Return only the lines below starting at the line containing "this 1600×1200 image." and ending at the line containing "Some of the text", both included, exactly as they are and with no pictures.

⟨

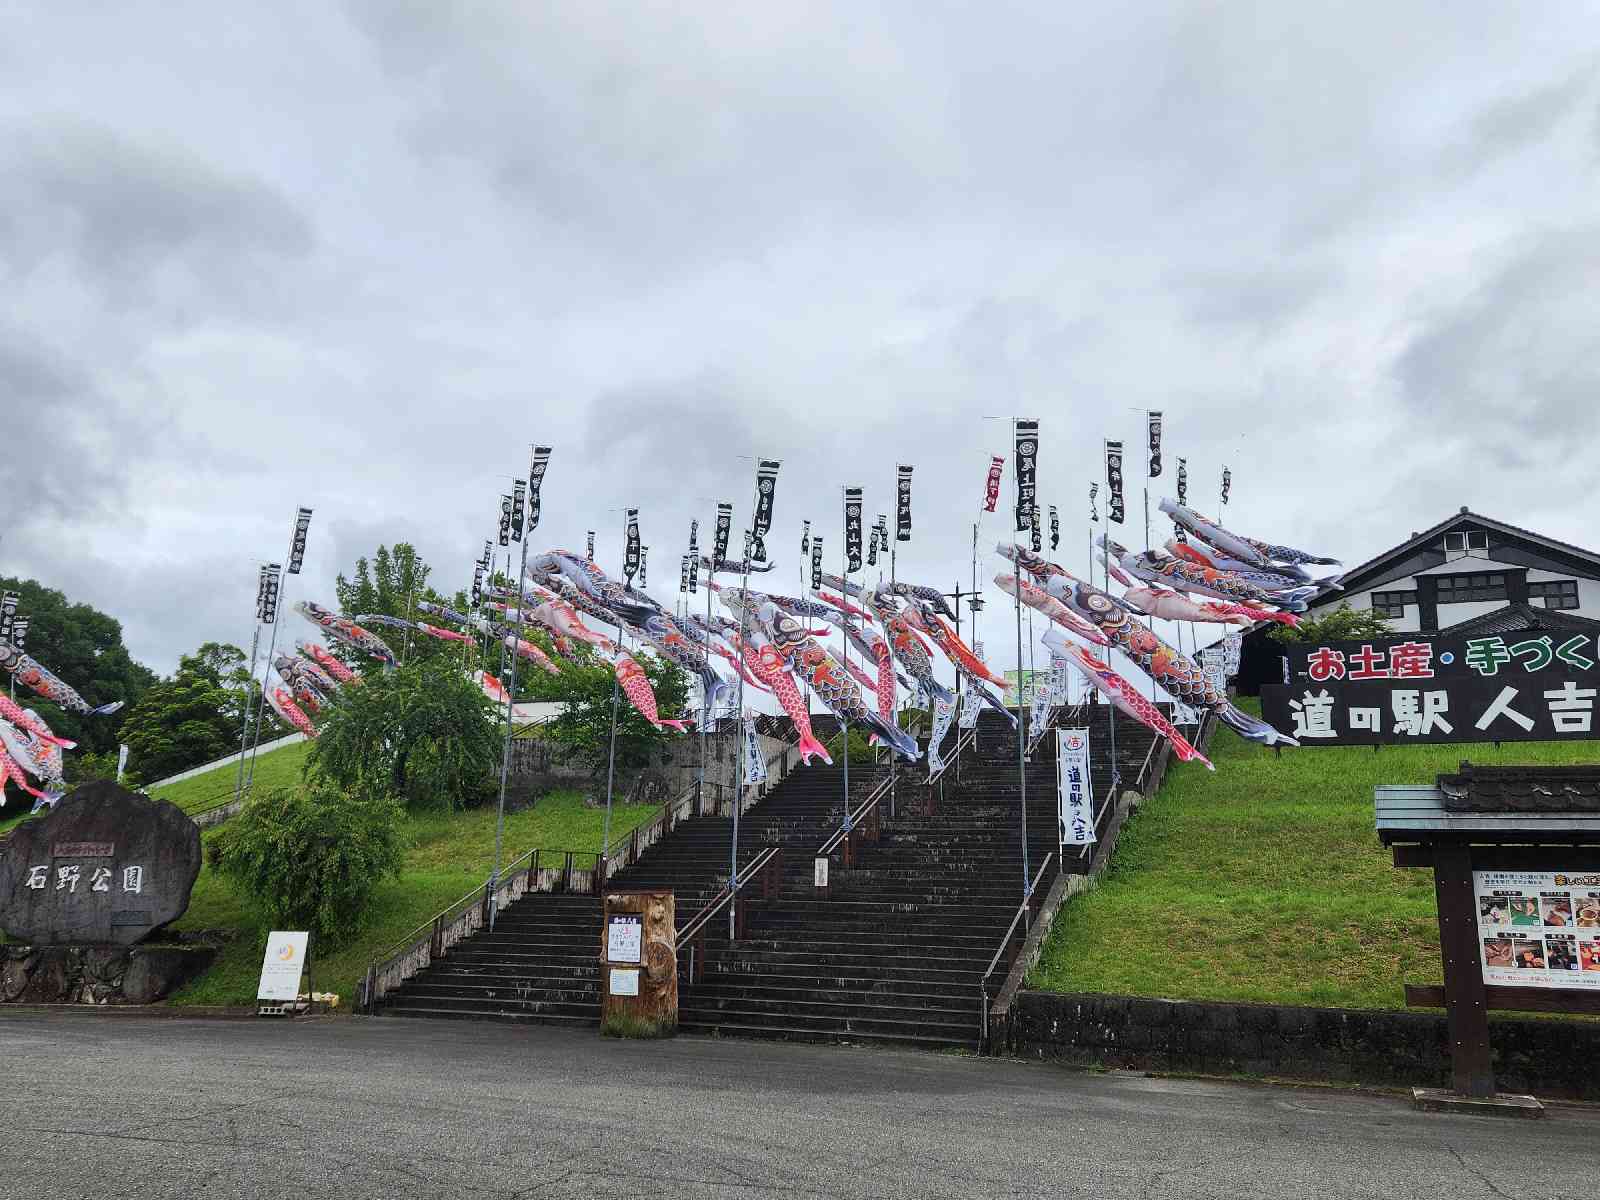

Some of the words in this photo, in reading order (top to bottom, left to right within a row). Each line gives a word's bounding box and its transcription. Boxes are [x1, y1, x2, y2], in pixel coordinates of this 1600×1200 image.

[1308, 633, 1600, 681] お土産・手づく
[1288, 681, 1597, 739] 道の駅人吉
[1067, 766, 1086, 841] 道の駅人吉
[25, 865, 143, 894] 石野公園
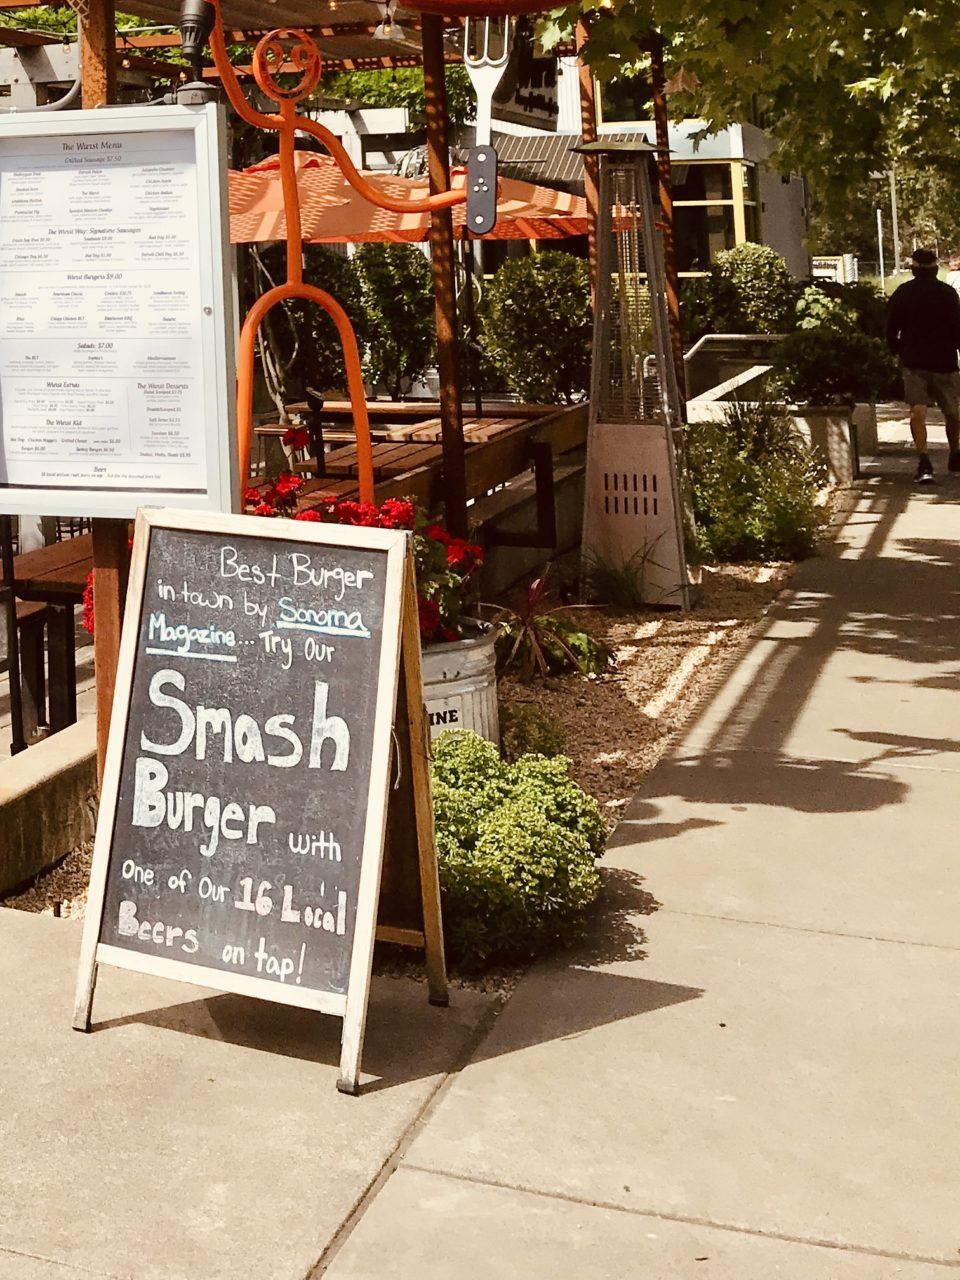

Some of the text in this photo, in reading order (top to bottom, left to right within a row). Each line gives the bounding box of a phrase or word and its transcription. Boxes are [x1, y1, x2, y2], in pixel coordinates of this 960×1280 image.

⟩
⟨

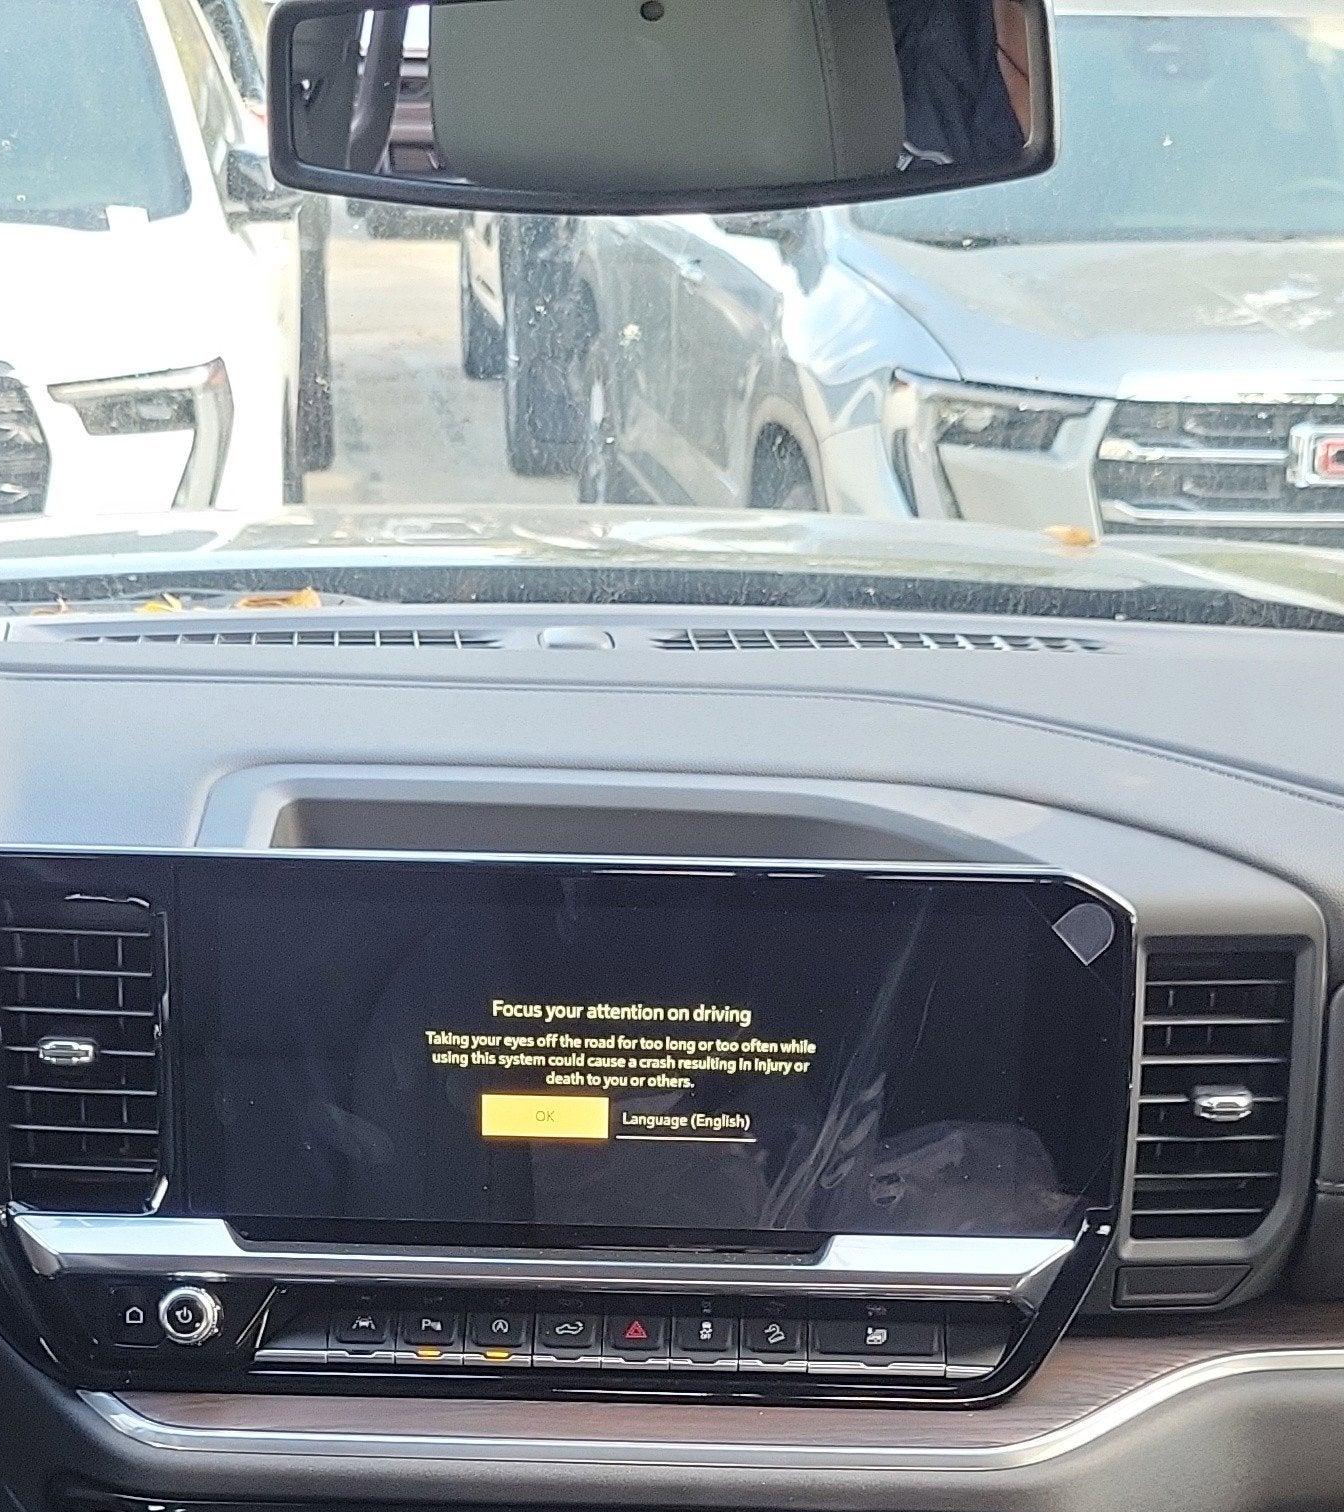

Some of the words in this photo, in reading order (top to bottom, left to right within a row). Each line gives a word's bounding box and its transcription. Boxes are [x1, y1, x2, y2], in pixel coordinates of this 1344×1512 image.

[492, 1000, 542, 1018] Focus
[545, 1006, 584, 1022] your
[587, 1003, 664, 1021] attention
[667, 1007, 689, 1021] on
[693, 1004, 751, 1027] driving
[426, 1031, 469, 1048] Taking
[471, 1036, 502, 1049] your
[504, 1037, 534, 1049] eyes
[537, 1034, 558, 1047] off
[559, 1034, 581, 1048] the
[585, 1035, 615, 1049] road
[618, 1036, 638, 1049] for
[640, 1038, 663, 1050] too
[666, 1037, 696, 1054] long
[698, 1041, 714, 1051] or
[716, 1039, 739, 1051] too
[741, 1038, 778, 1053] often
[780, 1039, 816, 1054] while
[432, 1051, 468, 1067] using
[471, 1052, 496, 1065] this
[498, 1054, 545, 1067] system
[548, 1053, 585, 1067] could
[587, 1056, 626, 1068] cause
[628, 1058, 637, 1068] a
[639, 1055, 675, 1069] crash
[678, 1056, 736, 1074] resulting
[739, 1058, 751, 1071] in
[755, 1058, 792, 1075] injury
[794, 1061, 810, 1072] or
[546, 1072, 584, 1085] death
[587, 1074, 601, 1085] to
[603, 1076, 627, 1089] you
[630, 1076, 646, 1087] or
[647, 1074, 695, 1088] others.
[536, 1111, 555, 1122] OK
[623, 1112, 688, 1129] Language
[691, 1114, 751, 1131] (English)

⟩

Written answer
Some of the words in this photo, in reading order (top to bottom, left to right within a row). Each line gives a word's bounding box and its transcription. Boxes are [x1, y1, x2, y2], in pixel coordinates of this 1600×1200 image.

[1308, 633, 1600, 681] お土産・手づく
[1288, 681, 1597, 739] 道の駅人吉
[1067, 766, 1086, 841] 道の駅人吉
[25, 865, 143, 894] 石野公園

Some of the text in this photo, in reading order (top to bottom, left to right within a row). Each line gives the bounding box of a phrase or word and its transcription. Boxes are [x1, y1, x2, y2], in pixel coordinates of this 960×1280 image.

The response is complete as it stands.